[[ Available records, beginning ]]

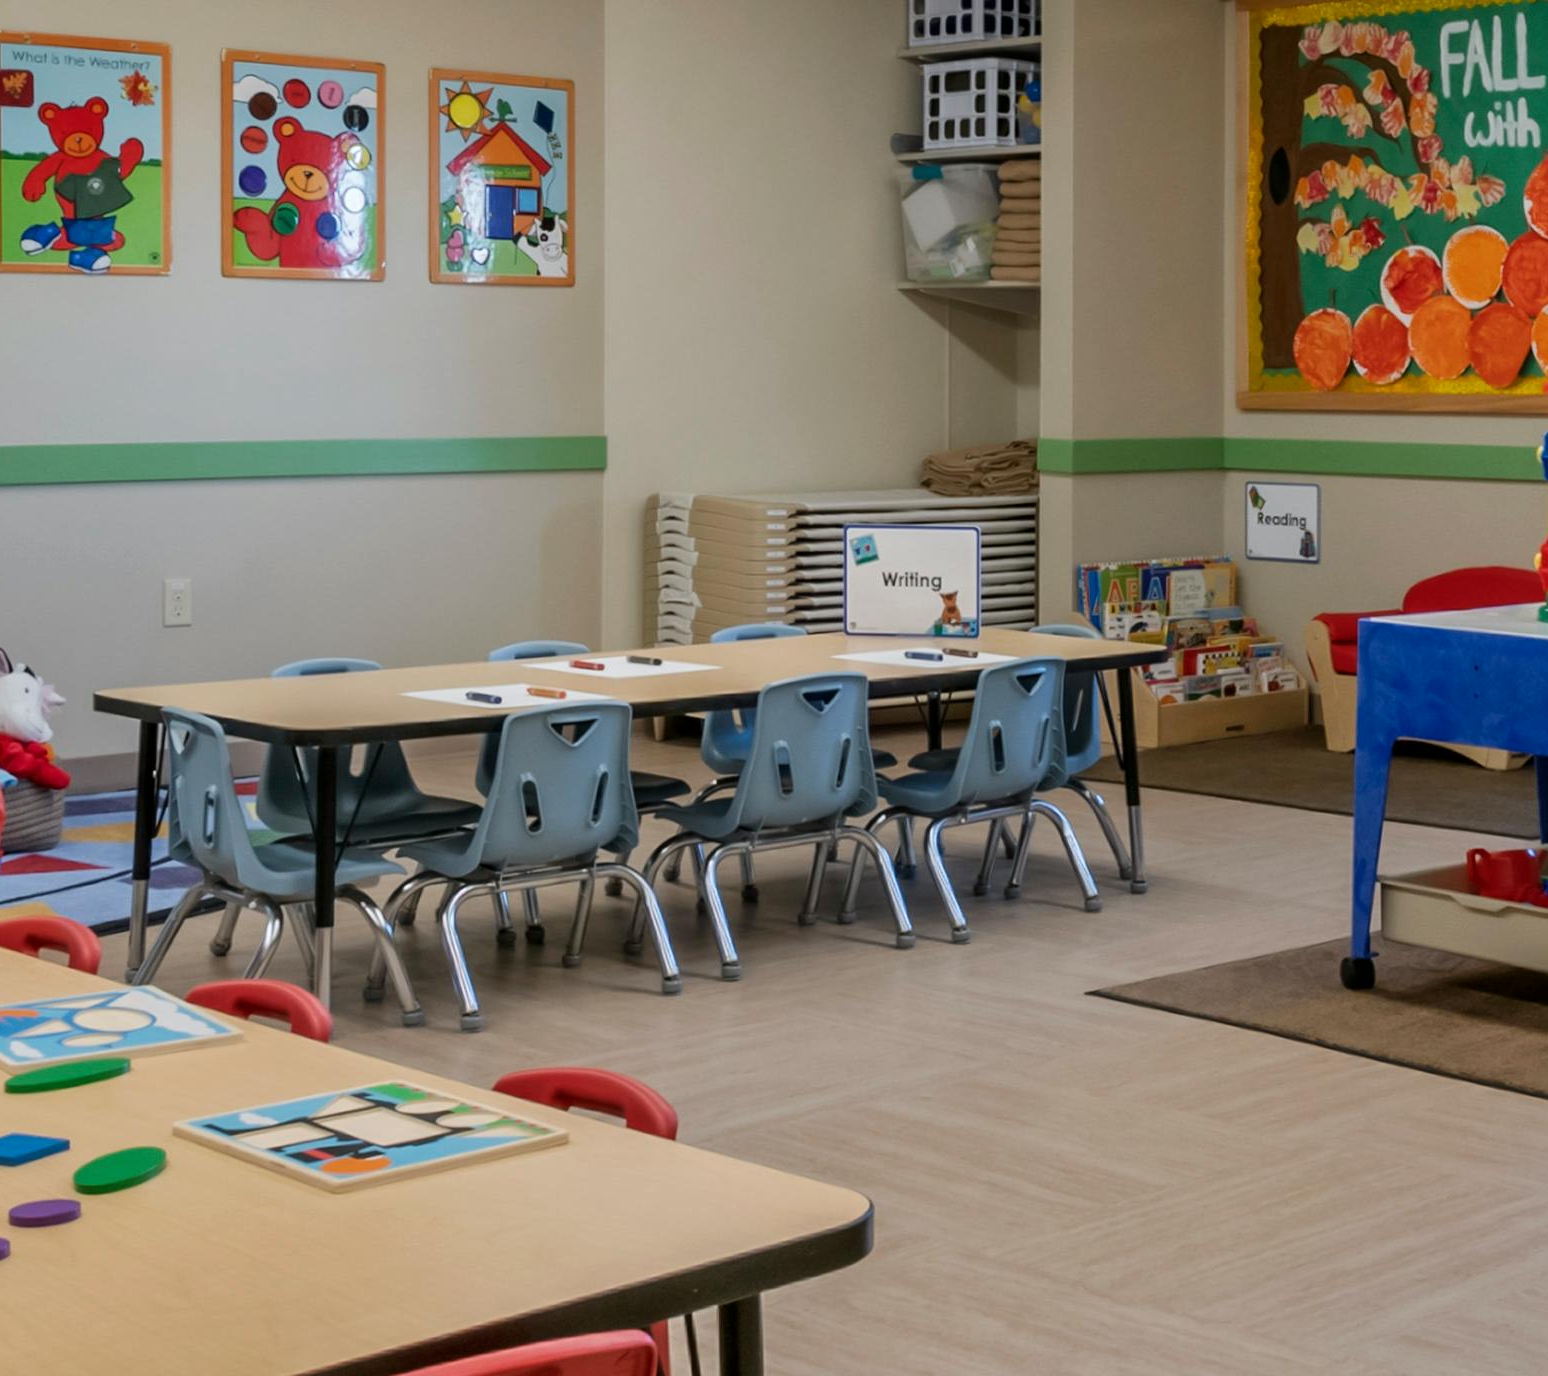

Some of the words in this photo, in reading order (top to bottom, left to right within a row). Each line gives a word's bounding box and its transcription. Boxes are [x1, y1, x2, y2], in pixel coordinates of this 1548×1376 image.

[12, 49, 47, 64] What
[51, 51, 60, 65] is
[64, 51, 85, 68] the
[89, 56, 151, 72] Weather?
[1439, 11, 1546, 98] FALL
[1463, 96, 1542, 149] with
[1257, 511, 1307, 531] Reading
[881, 571, 943, 592] Writing
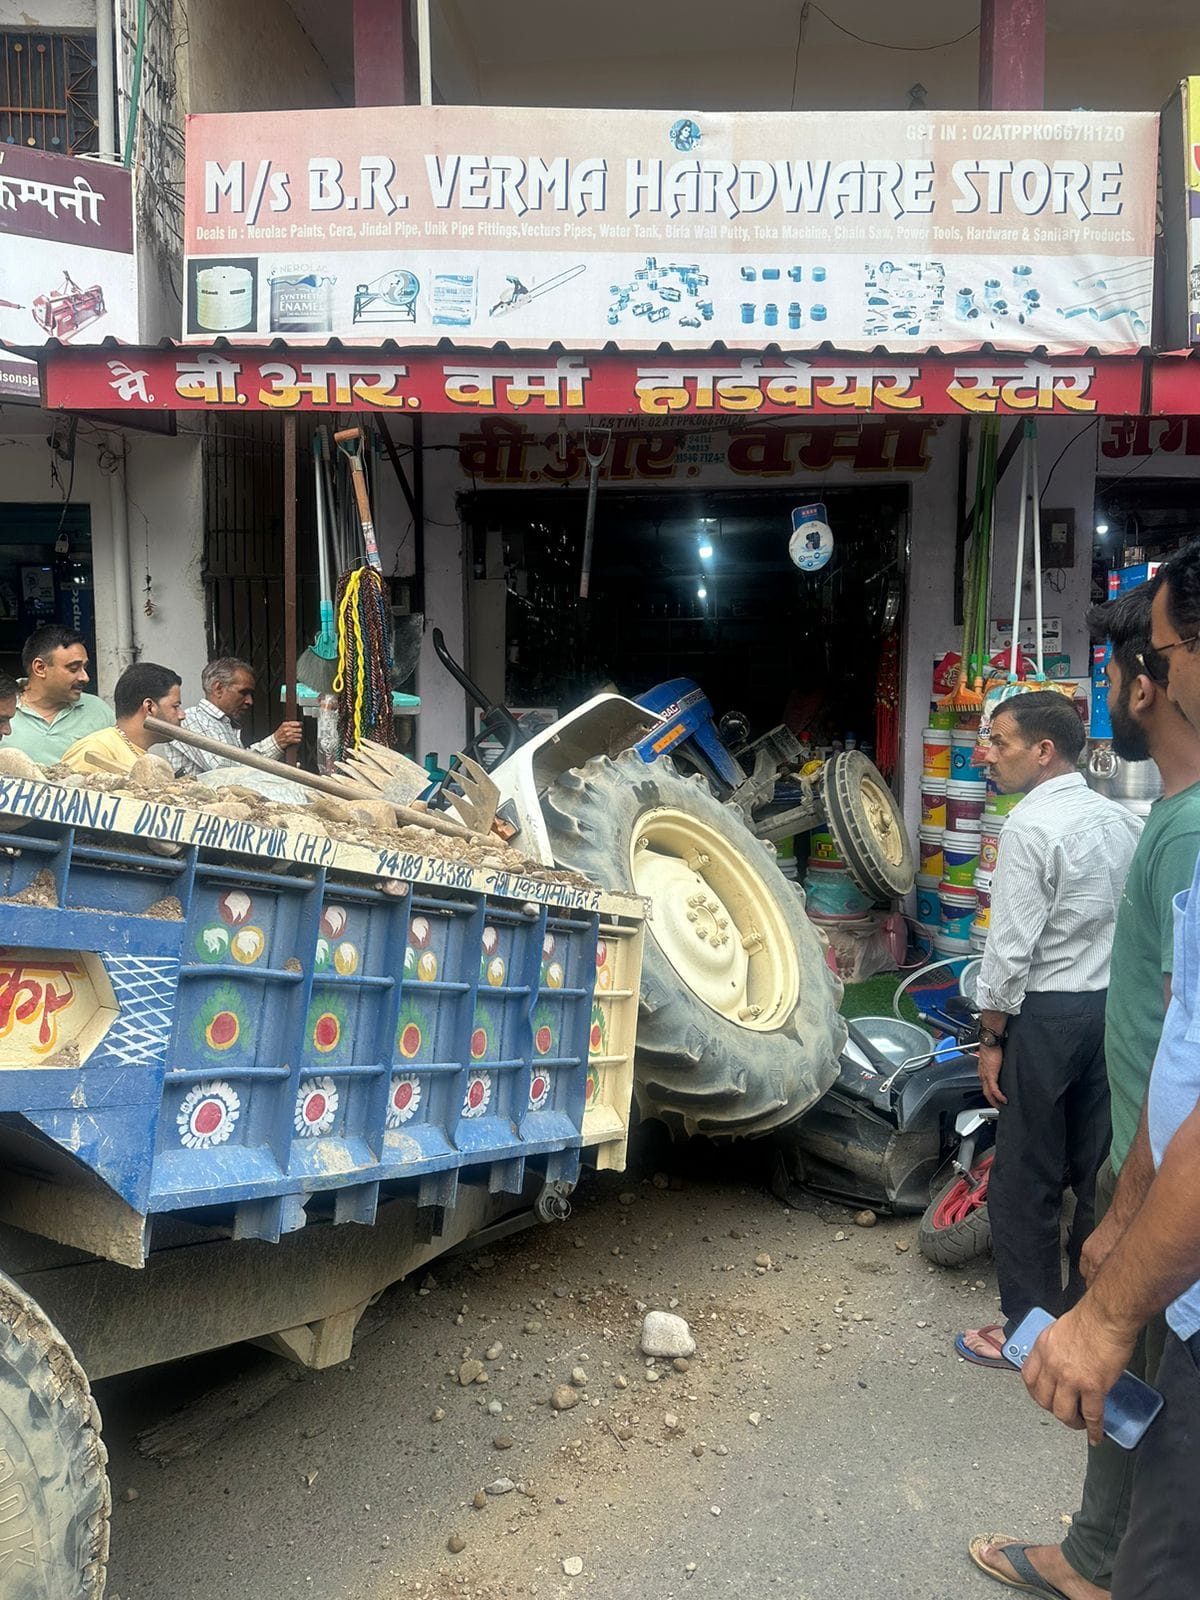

[[ Available records, end ]]

▶ **Task brief**: Without the pictures, return the entries exactly as they appear.

▶ **Output for this exercise**:
Some of the words in this photo, in reading order (top to bottom, left to right within a row). Each line gives a word's bounding box and its transcription. Boxes are [x1, y1, x2, y2], in pixel coordinates of this 1548×1376 image.

[12, 49, 47, 64] What
[51, 51, 60, 65] is
[64, 51, 85, 68] the
[89, 56, 151, 72] Weather?
[1439, 11, 1546, 98] FALL
[1463, 96, 1542, 149] with
[1257, 511, 1307, 531] Reading
[881, 571, 943, 592] Writing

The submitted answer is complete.